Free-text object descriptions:
■ ■ ■ ■ ■
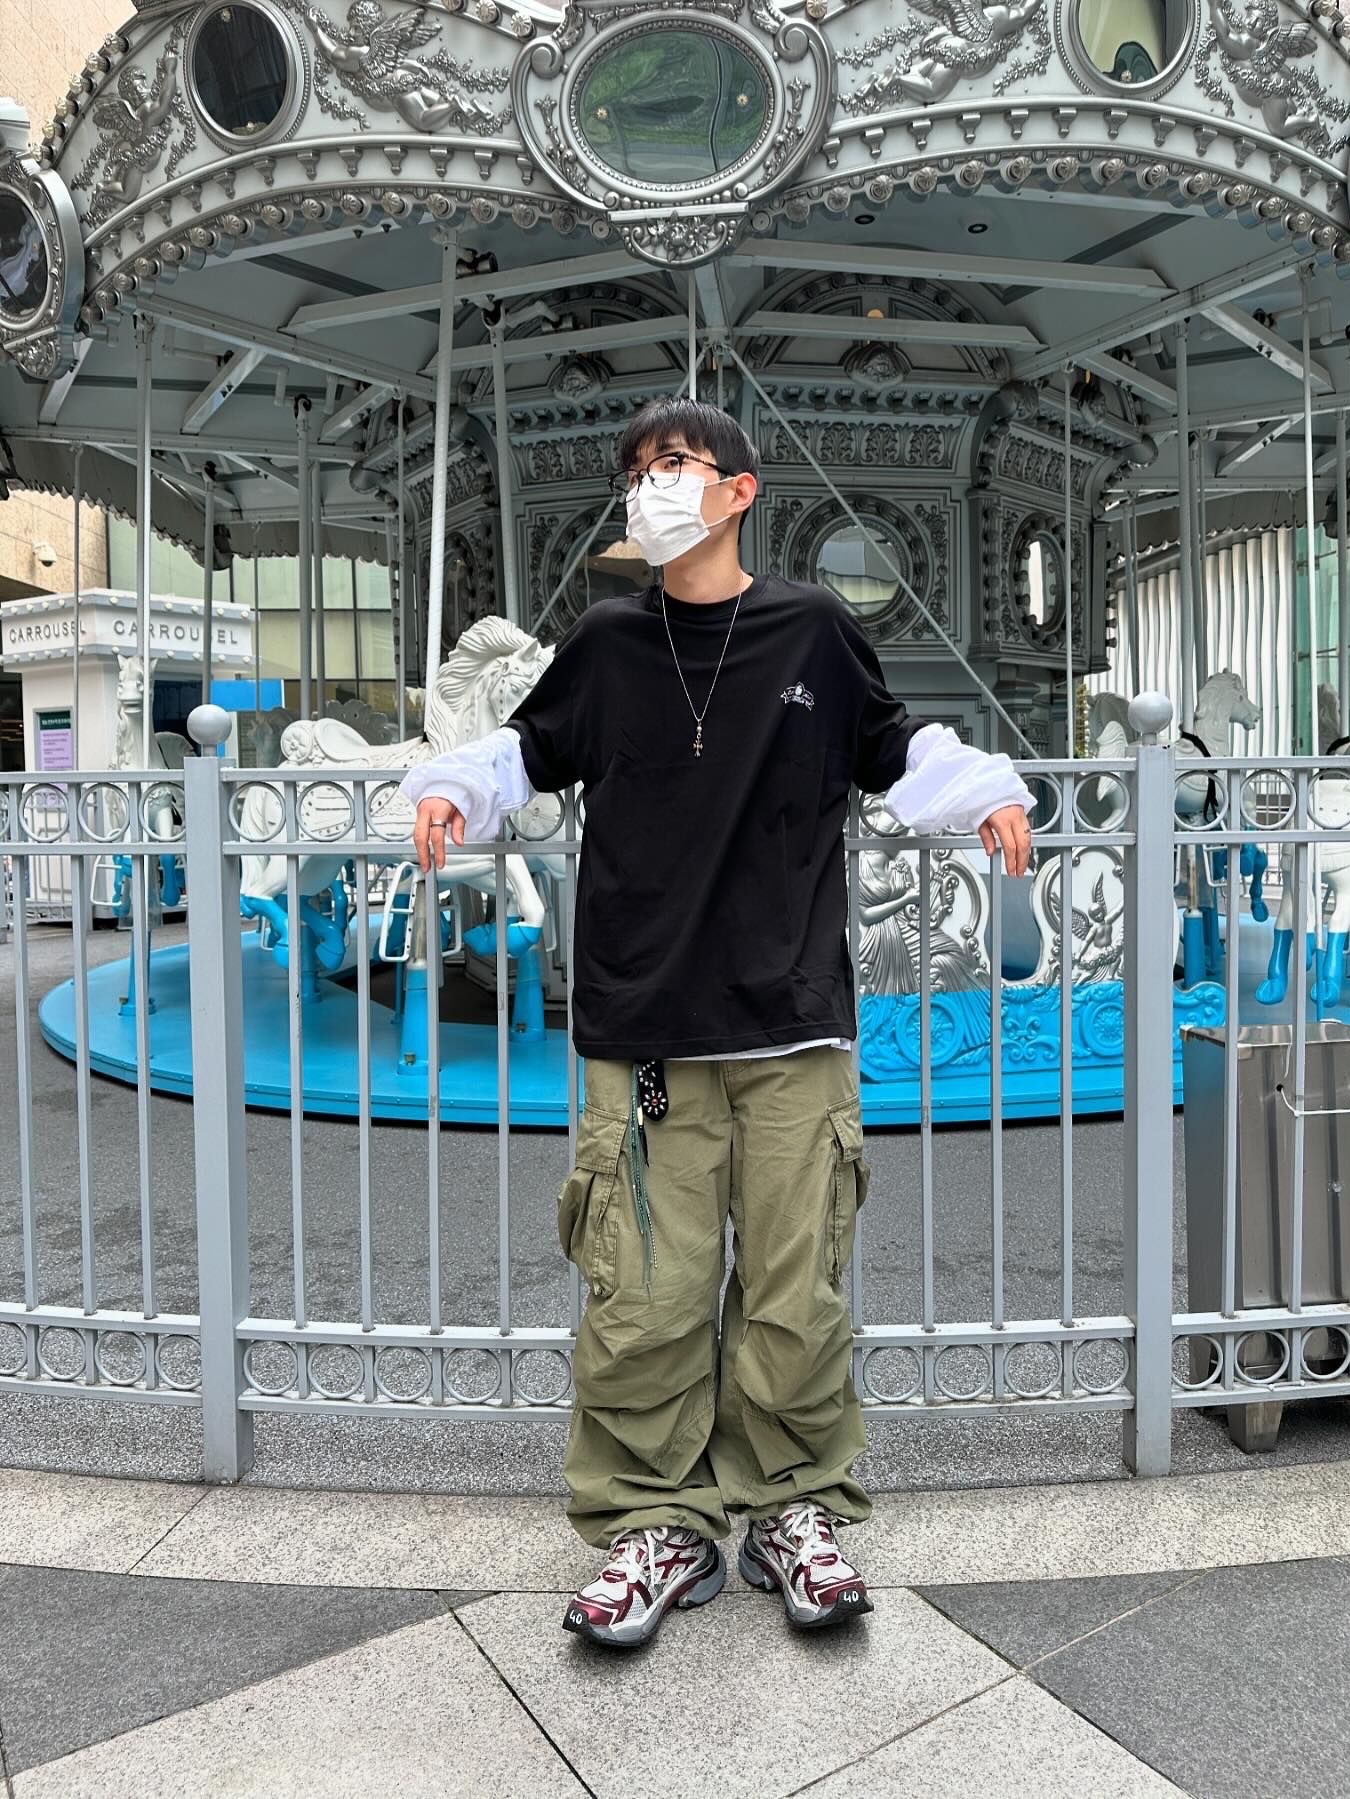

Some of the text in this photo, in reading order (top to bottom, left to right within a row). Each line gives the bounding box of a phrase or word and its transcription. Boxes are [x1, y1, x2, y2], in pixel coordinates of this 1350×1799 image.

[113, 620, 238, 645] CARROUEL
[844, 1590, 860, 1603] 40
[569, 1609, 583, 1625] 40
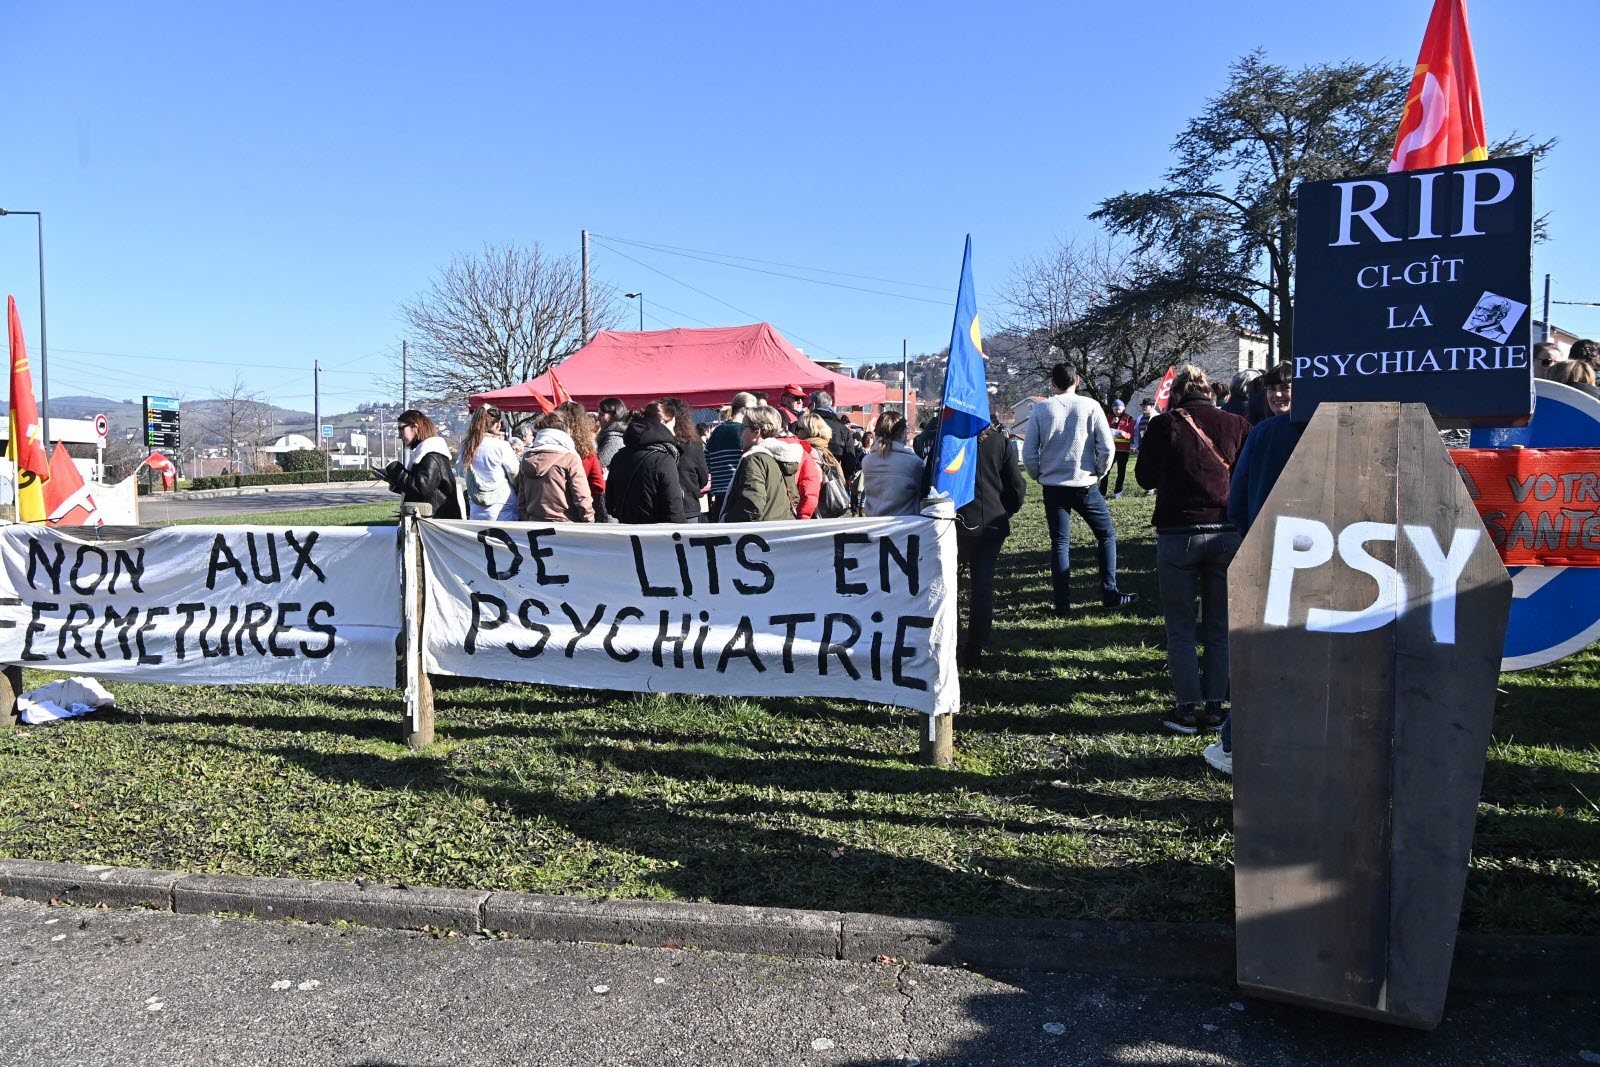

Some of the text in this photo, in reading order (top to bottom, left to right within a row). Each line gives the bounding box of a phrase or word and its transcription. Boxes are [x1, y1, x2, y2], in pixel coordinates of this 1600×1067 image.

[1328, 167, 1515, 247] RIP
[1356, 255, 1464, 289] CI-GÎT
[1386, 304, 1433, 329] LA
[1294, 345, 1528, 379] PSYCHIATRIE
[1507, 472, 1600, 503] VOTR
[26, 530, 326, 595] NON AUX
[477, 527, 570, 586] DE
[833, 532, 920, 596] EN
[1263, 515, 1481, 645] PSY
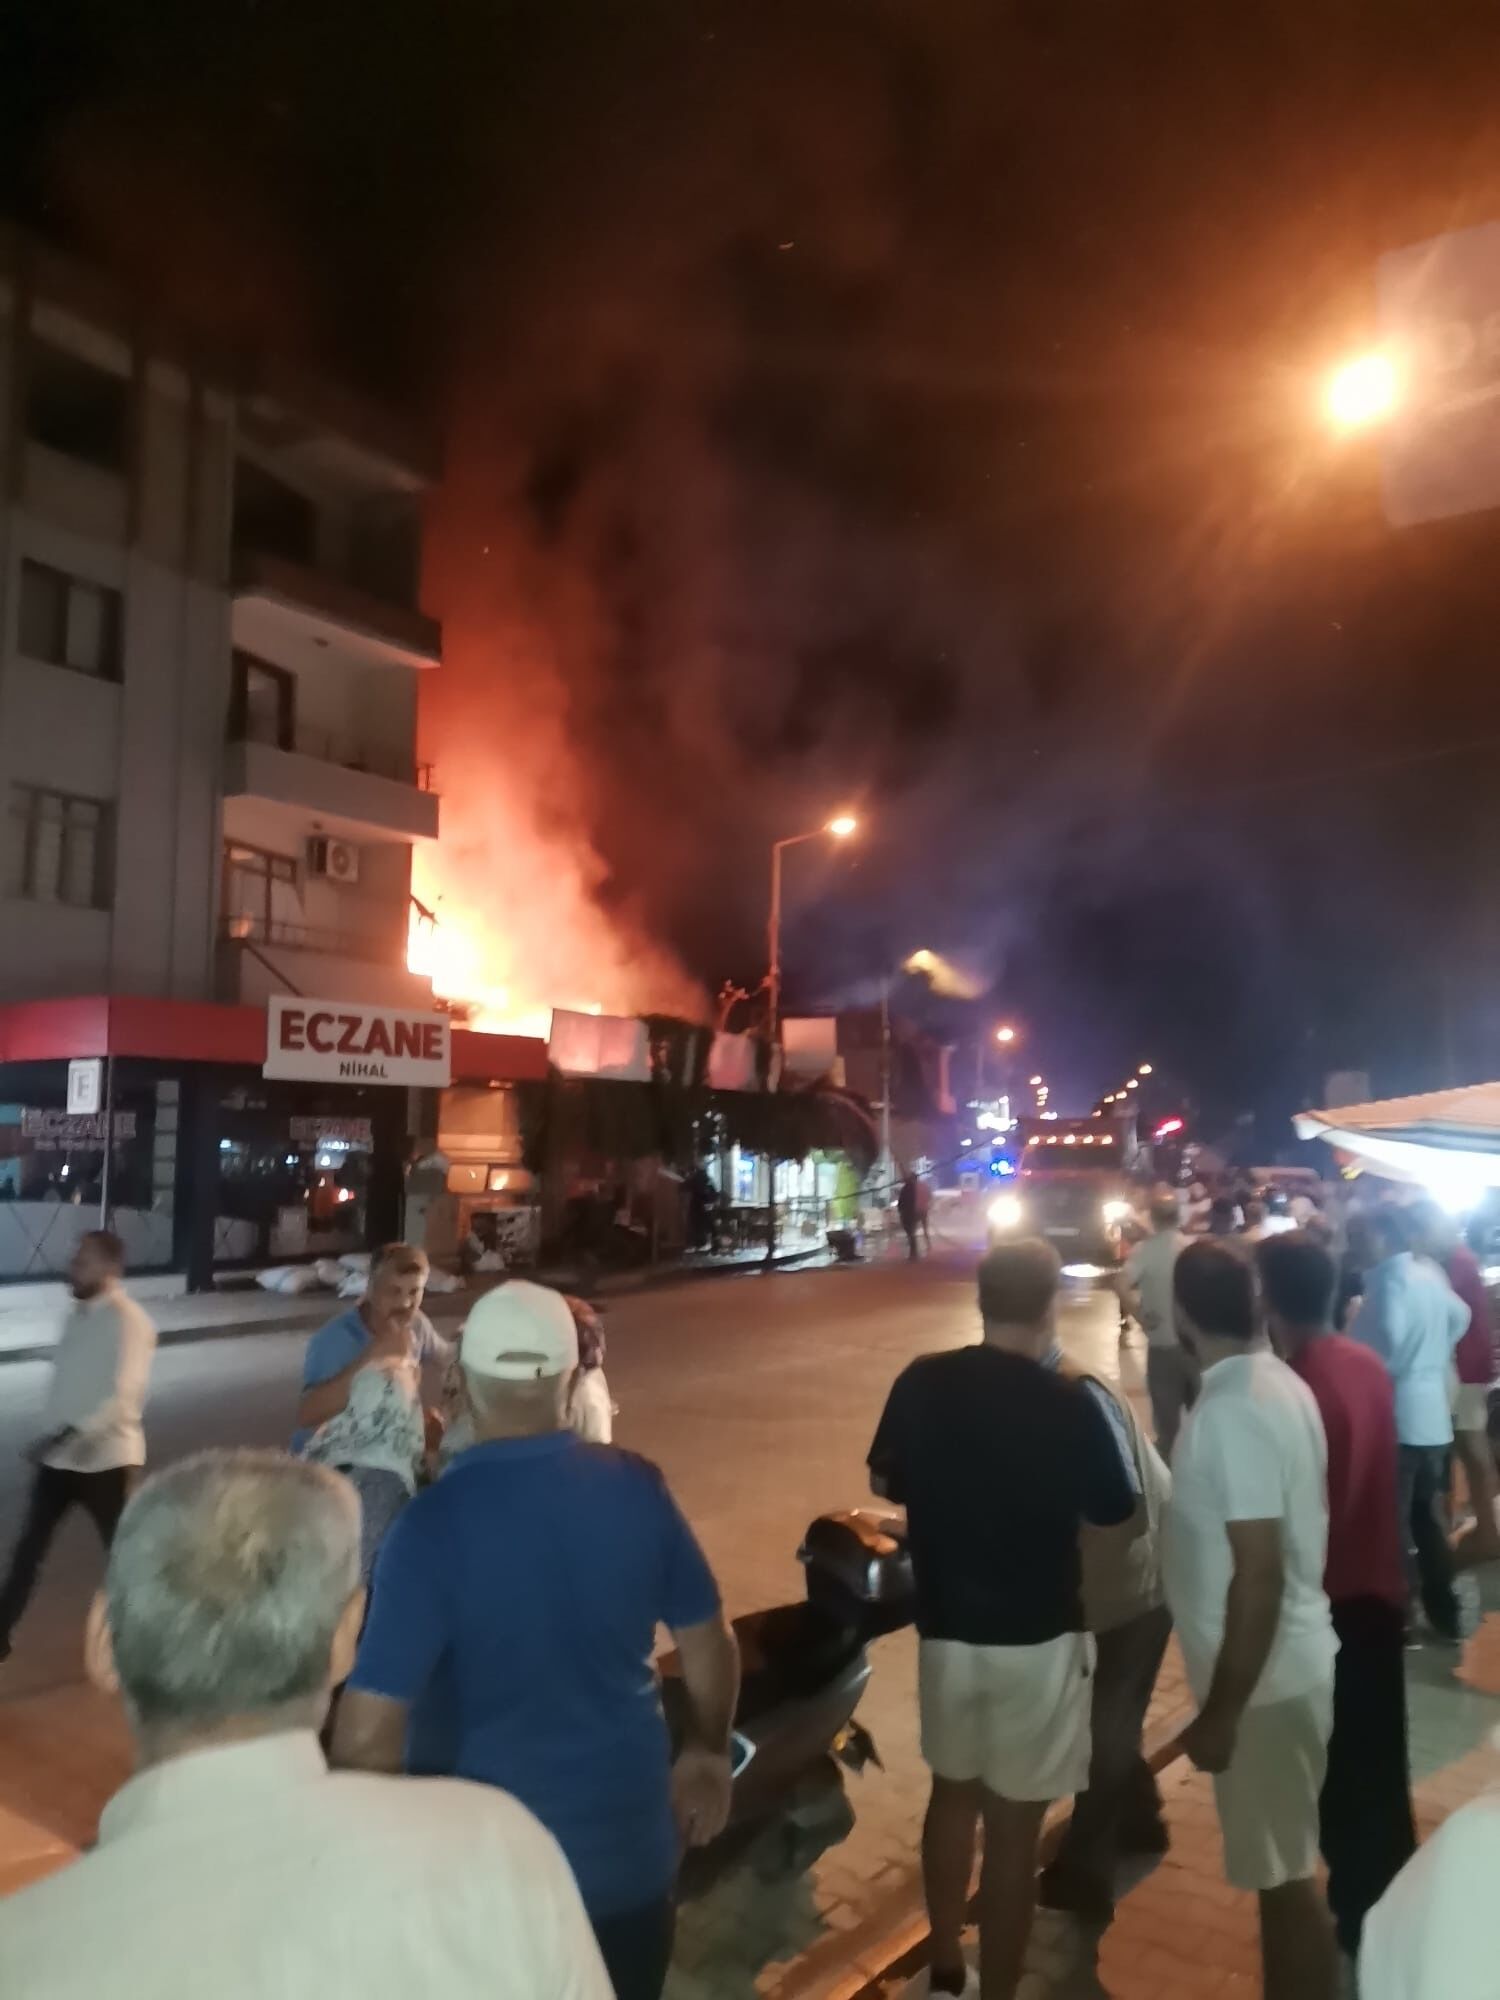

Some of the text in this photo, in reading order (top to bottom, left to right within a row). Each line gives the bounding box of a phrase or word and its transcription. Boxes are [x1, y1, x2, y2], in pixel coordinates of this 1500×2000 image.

[280, 1010, 443, 1060] ECZANE
[339, 1061, 388, 1078] NİHAL
[77, 1073, 90, 1100] E
■ ■ ■ ■ ■
▸ **What this task involves**
Transcribe every entry word for word, excluding images.

▸ **Written answer**
Some of the text in this photo, in reading order (top to bottom, left to right within a row). Each line gives the bounding box of a phrase or word and its transcription. Boxes are [x1, y1, x2, y2], in pixel coordinates of this 1350×1799 image.

[113, 620, 238, 645] CARROUEL
[844, 1590, 860, 1603] 40
[569, 1609, 583, 1625] 40

Some of the text in this photo, in reading order (top to bottom, left to right within a row). Each line gives the bounding box of a phrase or word and its transcription. Boxes are [x1, y1, x2, y2], in pixel coordinates of this 1600×1067 image.

[1328, 167, 1515, 247] RIP
[1356, 255, 1464, 289] CI-GÎT
[1386, 304, 1433, 329] LA
[1294, 345, 1528, 379] PSYCHIATRIE
[1507, 472, 1600, 503] VOTR
[26, 530, 326, 595] NON AUX
[477, 527, 570, 586] DE
[833, 532, 920, 596] EN
[1263, 515, 1481, 645] PSY

Some of the text in this photo, in reading order (top to bottom, left to right within a row). Each line gives the bounding box of a phrase or word and its transcription. Boxes are [x1, y1, x2, y2], in pixel coordinates of this 1500×2000 image.

[280, 1010, 443, 1060] ECZANE
[339, 1061, 388, 1078] NİHAL
[77, 1073, 90, 1100] E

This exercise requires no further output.